The role of mtDNA haplogroups on metabolic features in narcolepsy type 1

Introduction: Hypocretin is a neuropeptide regulating sleep-wake cycle, as well as feeding behavior. Interestingly, a subset of NT1 patients become overweight/obese, with a high prevalence of dysmetabolic phenotype. Thus, we undertook the first analysis of mitochondrial DNA (mtDNA) haplogroups in patients well characterized for their metabolic features. Materials and methods: We included the DNA of 246 NT1 patients. For the haplogroups identification was sequenced the non-coding region of mtDNA, the control region, and the haplogroups markers on coding region investigated by RFLP. Results: Data showed an association between metabolic syndrome and haplogroup K (64.3%, P=0.008, OR/95% CI=4.58/1.39-15.1), decreasing after correction for age (OR/95% CI=2.09/0.66-6.65), probably due to an age effect. Furthermore, the low HDL level showed a trend towards with haplogroups J (83,3%, P=0.099, OR/95% CI=6.06/1.24-29.7 after age adjustment 6.73/0.65-69.9).

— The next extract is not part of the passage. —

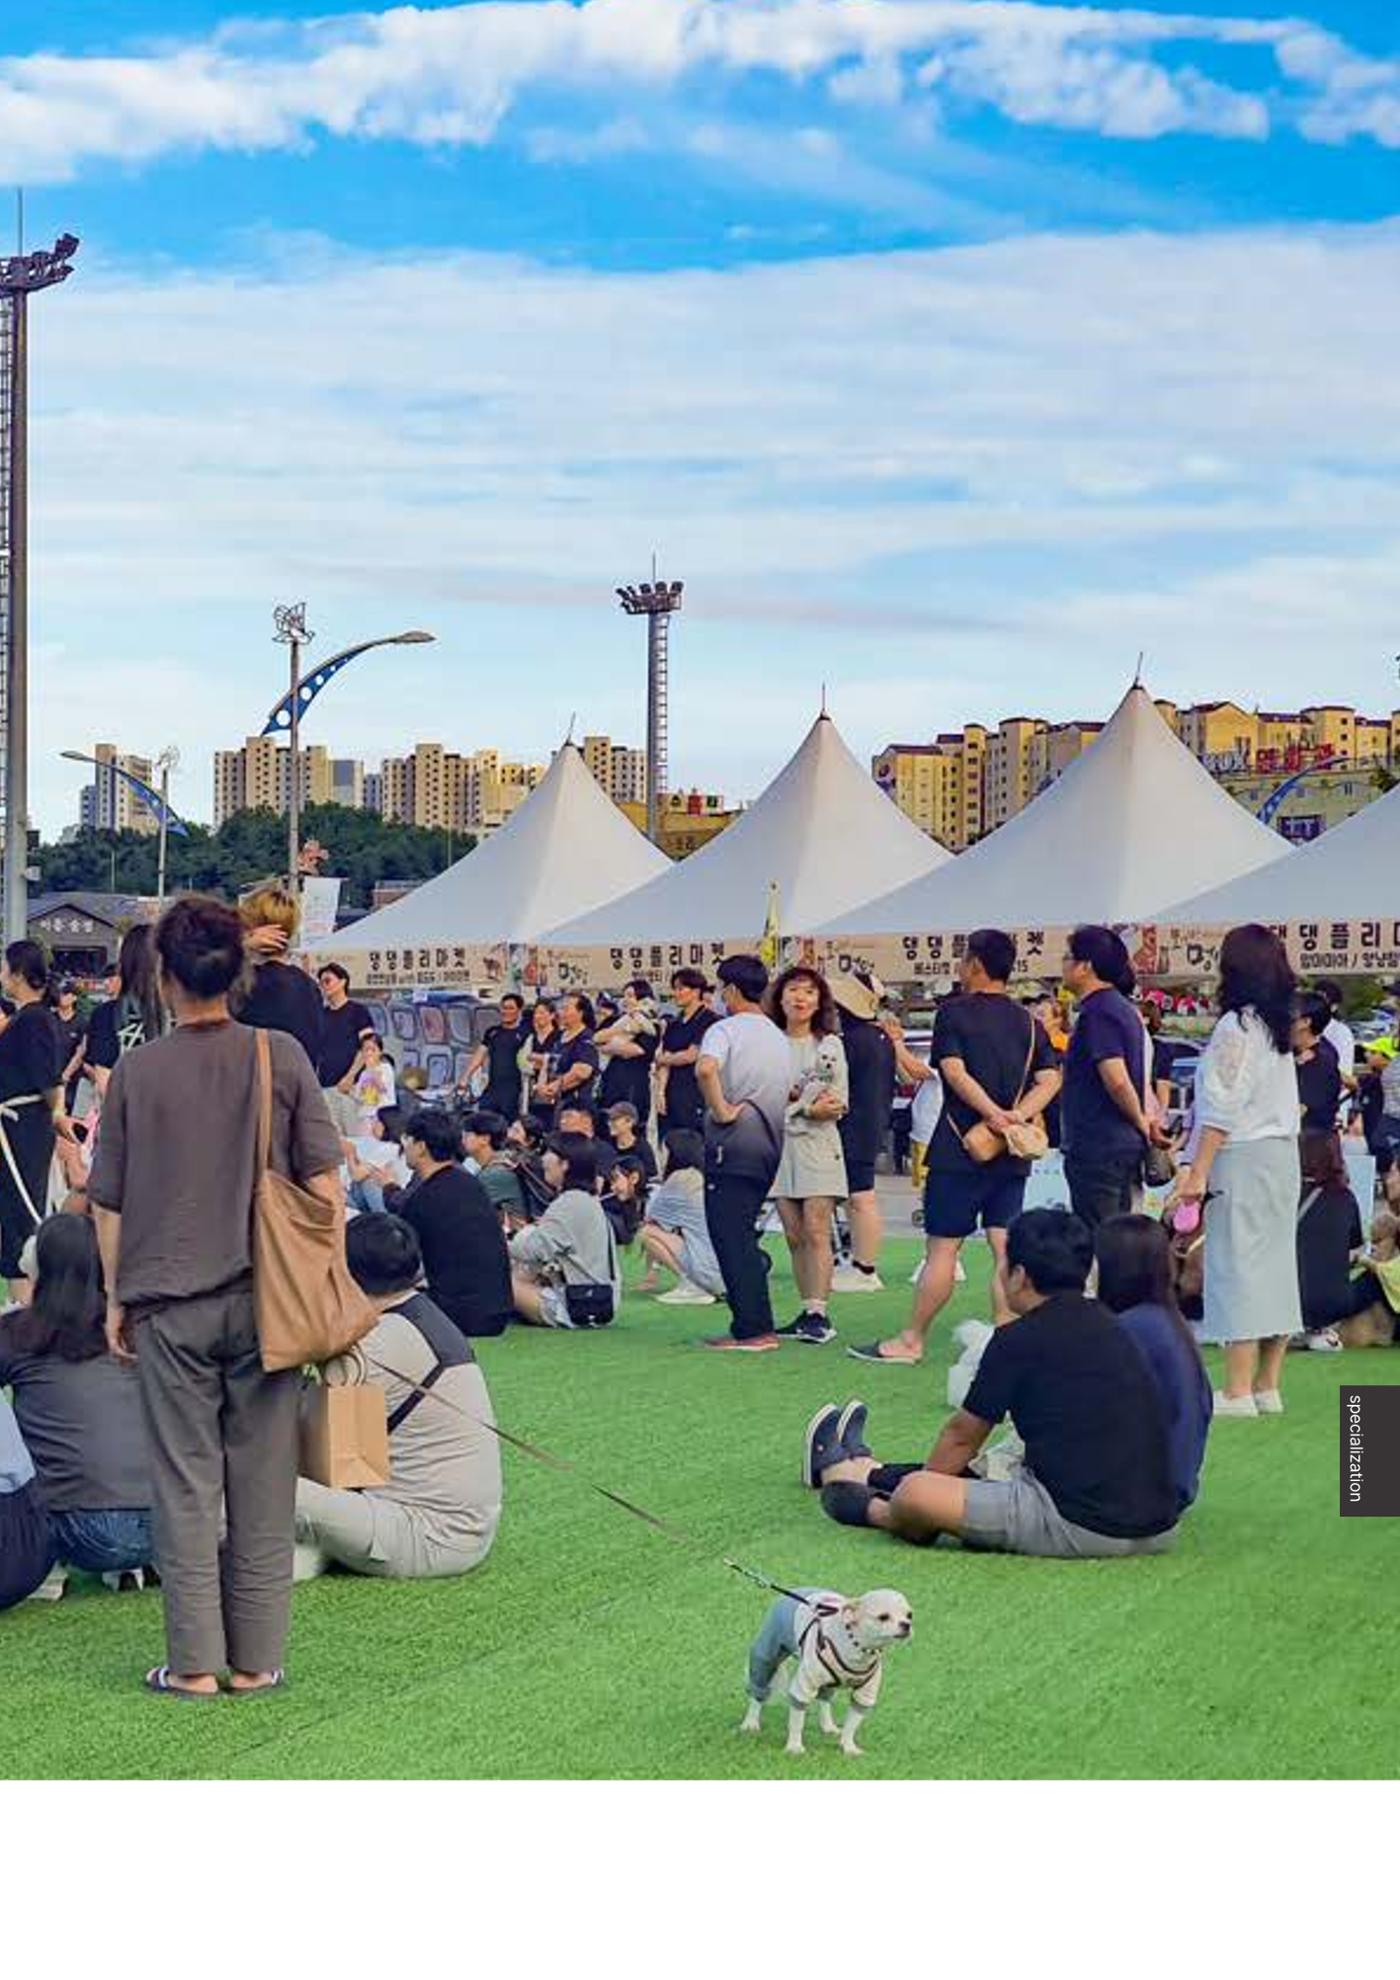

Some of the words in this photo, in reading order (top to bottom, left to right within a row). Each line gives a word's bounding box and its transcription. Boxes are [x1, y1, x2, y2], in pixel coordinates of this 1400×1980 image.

[369, 947, 465, 971] 댕댕플리마켓
[610, 942, 725, 970] 댕댕플리마켓
[902, 931, 1045, 961] 댕댕플켓

Finally, both haplogroups J and K were associated (61.5% and 61.5%, P=0.028) with the hypertriglyceridemia Discussion: In conclusion, our study provides clues indicating that mtDNA haplogroups J and K might modulate metabolic features of NT1 patients. To finally linking mtDNA backgrounds with metabolic alterations, it would be necessary to validate the data in a larger cohort, and analyzing the complete mitochondrial genome.